Associação de Moradores se mobiliza para impedir reconstrução do templo-sede da igreja no Cambuci.

A vizinhança do antigo templo-sede da Igreja Renascer em Cristo não quer que a denominação volte a se instalar na Rua Lins de Vasconcelos, zona sul de São Paulo. A vice-presidente da Associação Preservação do Cambuci e Vila Deodoro, Ana Cláudia Cavalcante, disse que vai discutir com moradores quais providências tomar para evitar que o templo seja reconstruído na área onde ocorreu o desabamento no dia 18 de janeiro.Na tragédia, morreram nove pessoas e mais de cem ficaram feridas. “Há dez anos que a gente está querendo que eles saiam”, diz Ana. “Ali é uma zona residencial e as pessoas que moram em volta sempre foram muito prejudicadas com o barulho, acúmulo de veículos circulando e estacionados e a grande quantidade de gente circulando pela área. Esse desabamento agora foi a gota d’água”, desabafa.

Professora, Ana Cláudia mora há 25 anos na vila ao lado do prédio que era ocupado pela igreja, cujos restos estão sendo demolidos. Ela lembra que em 1998 o Ministério Público (MP) de São Paulo chegou a interditar o templo da Renascer por falta de segurança, já que não havia alvará de funcionamento. Desde essa época, os moradores pedem a saída da igreja. A vila em que Ana Cláudia mora, situada na Rua Robertson, 319, teve oito casas interditadas pela Defesa Civil por causa do desabamento. A moradora reclama do que chama de “constantes transtornos” acarretados pela igreja. Segundo ela, diversos de seus vizinhos tiveram que deixar suas casas durante os trabalhos de demolição “Como é que as pessoas conseguem viver assim? Não somos inimigos de ninguém; a única coisa que a gente quer é poder morar em paz”, argumenta.

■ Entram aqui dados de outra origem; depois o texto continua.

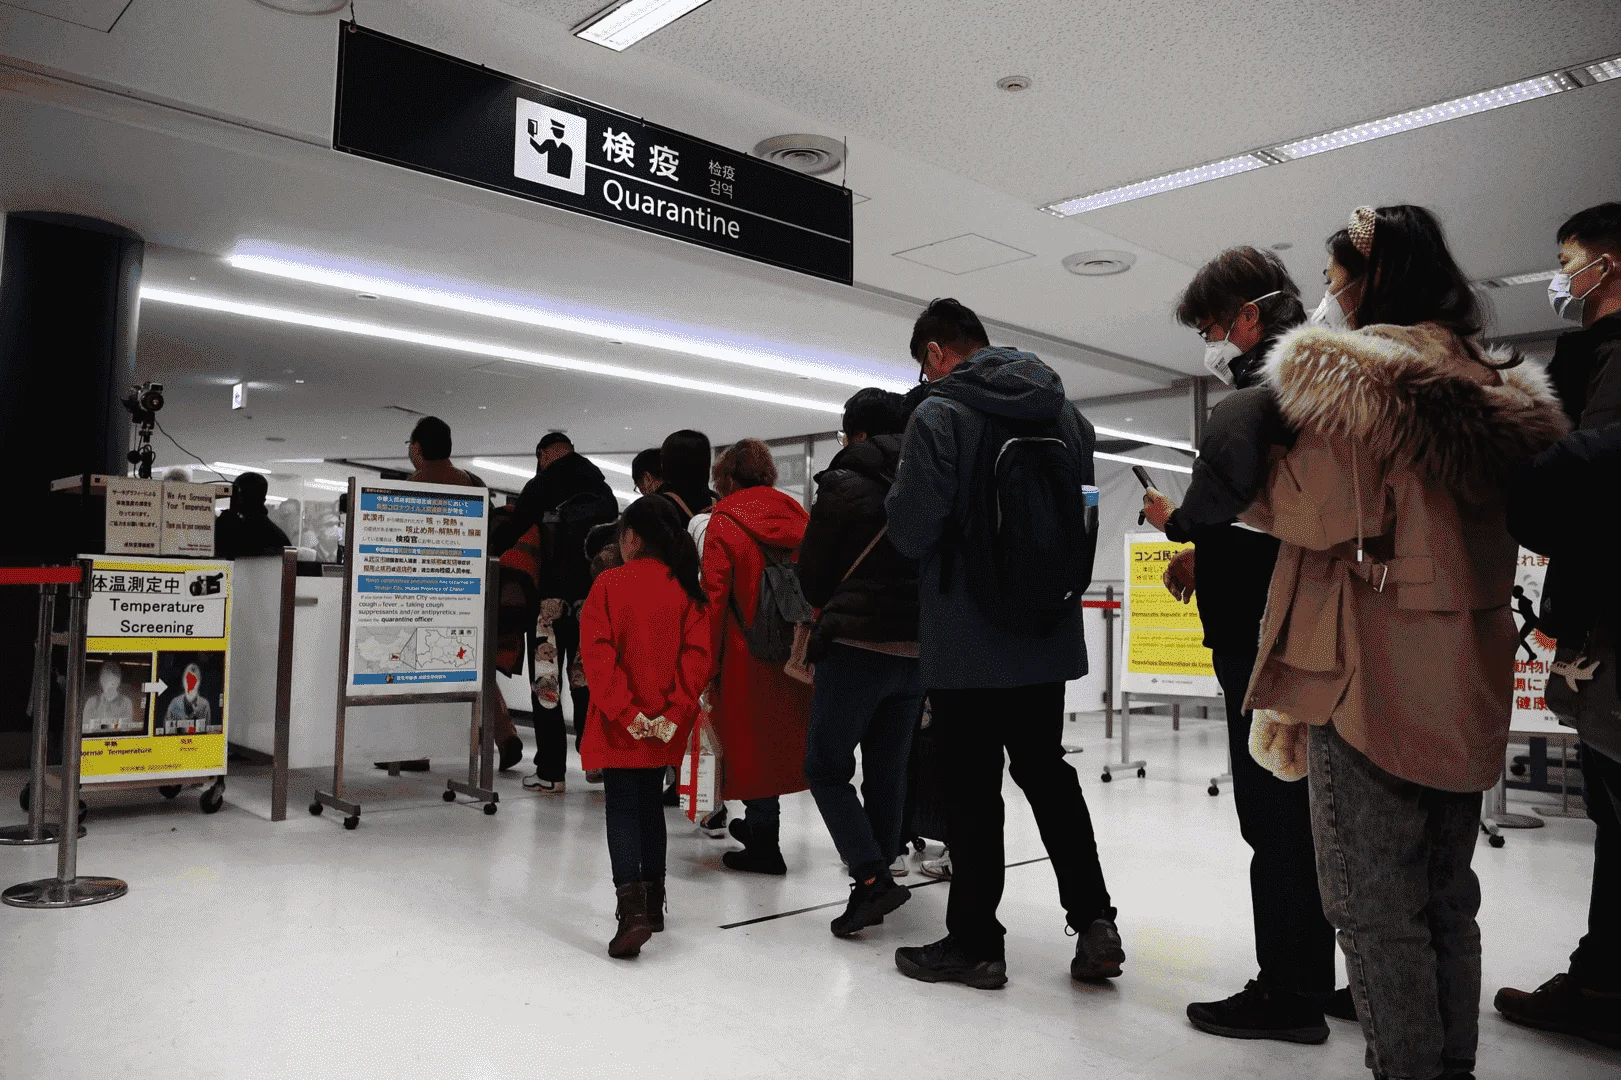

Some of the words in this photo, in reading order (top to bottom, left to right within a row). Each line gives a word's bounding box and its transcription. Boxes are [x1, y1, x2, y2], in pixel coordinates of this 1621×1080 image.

Ainda segundo a vice-presidente da associação, a igreja teria também se apropriado de uma serventia da vila,que dá para os fundos do antigo templo-sede. Ali, a igreja construiu uma garagem e fechou o local com um portão. “O espaço é da vila e o transformaram em área de uso particular”, acrescenta a professora, informando ainda que o Ministério Público (MP) e o Departamento de Controle do Uso de Imóveis (Contru) já solicitaram à Renascer que a área seja restituída à coletividade. O vendedor Marassore Roberto Moregola, 66 anos, morador da vila há 45, diz que o portão era de acesso exclusivo dos líderes da igreja, o casal Estevam e Sônia Hernandes. O MP confirma que notificou a igreja para devolver a área ao espaço público.

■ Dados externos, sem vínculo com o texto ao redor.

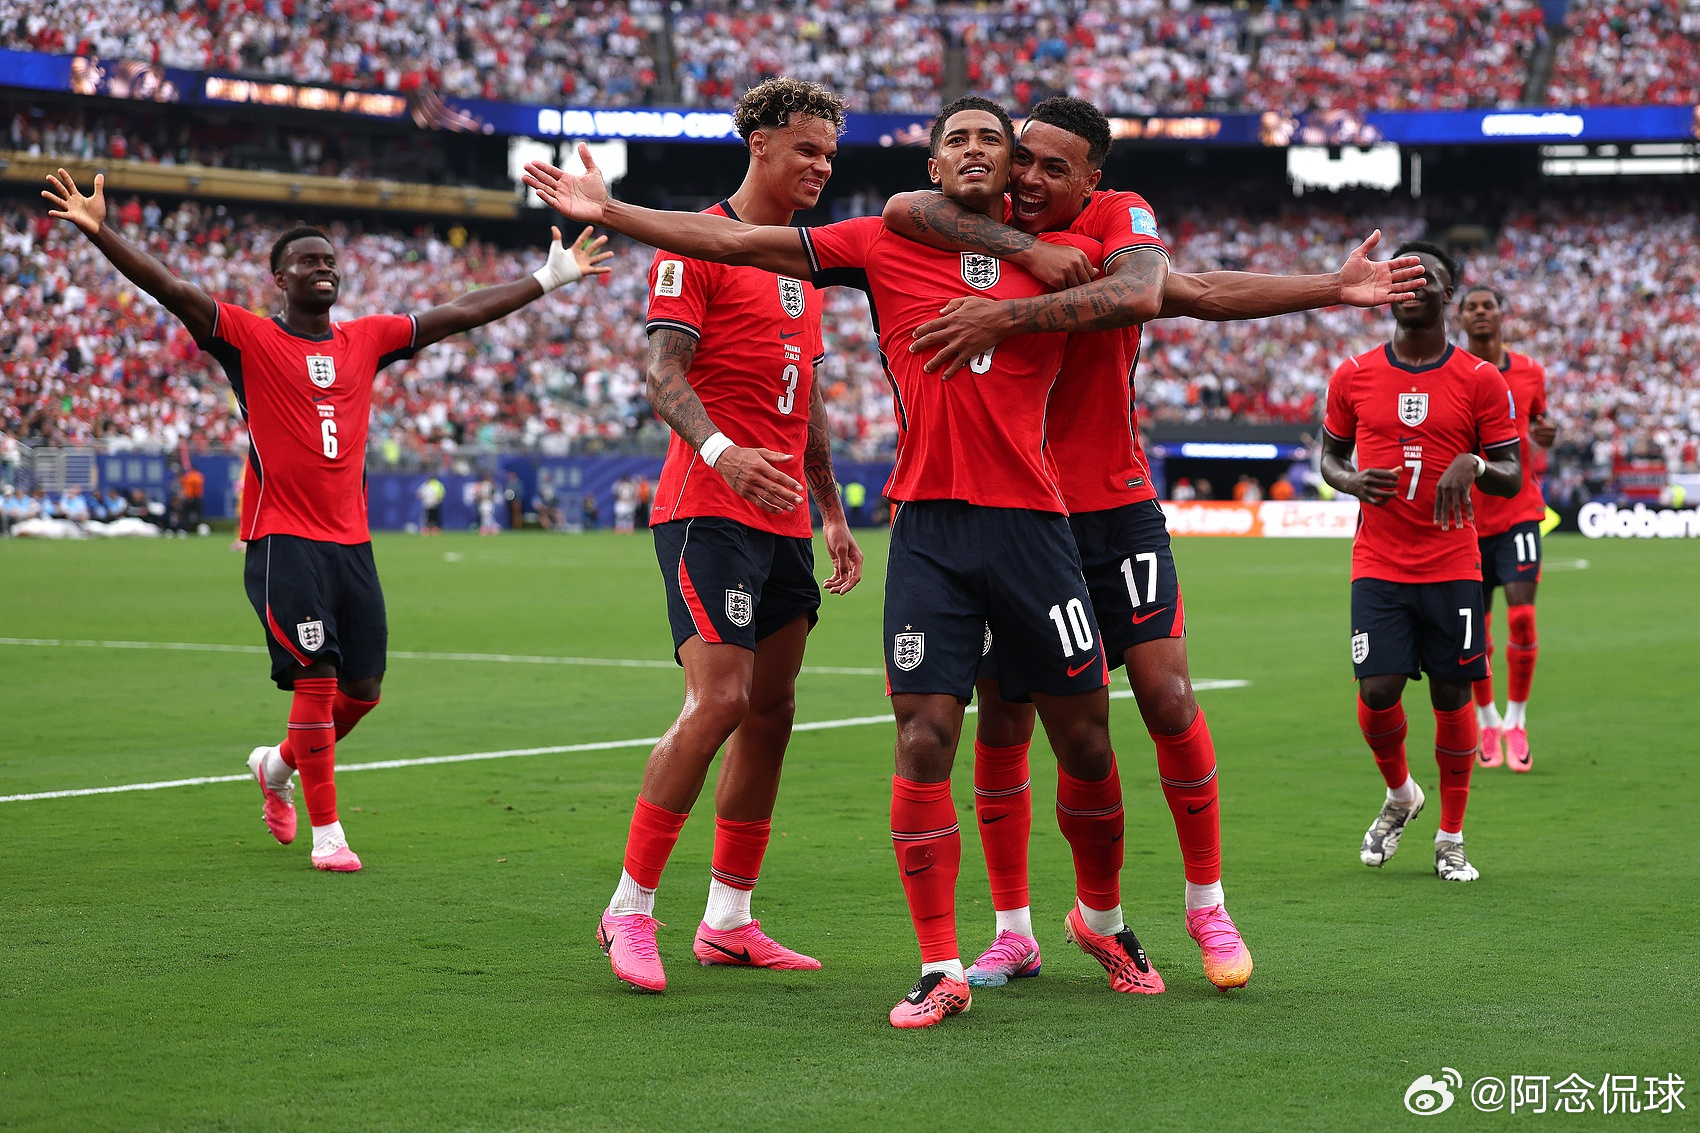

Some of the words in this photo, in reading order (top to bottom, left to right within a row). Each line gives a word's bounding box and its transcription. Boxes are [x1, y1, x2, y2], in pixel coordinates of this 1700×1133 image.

[538, 109, 595, 136] FIFA
[594, 110, 684, 137] WORLD
[777, 364, 799, 415] 3
[320, 418, 338, 459] 6
[1404, 460, 1422, 500] 7
[1577, 501, 1700, 539] Globan
[1513, 531, 1537, 562] 11
[1120, 552, 1158, 608] 17
[1049, 597, 1094, 658] 10
[1459, 607, 1472, 650] 7

Por meio de nota, a assessoria que presta serviços de comunicação à Renascer diz que a igreja não considera “séria” a afirmação de que a associação de moradores estaria se mobilizando para impedir sua volta à Rua Lins de Vasconcelos. No entender da denominação, tal atitude seria uma “óbvia mostra de perseguição religiosa”. De acordo com a Secretaria de Segurança Pública de São Paulo, o laudo com as causas do desabamento do telhado da sede da Igreja Renascer deve ficar pronto em um prazo de 60 dias.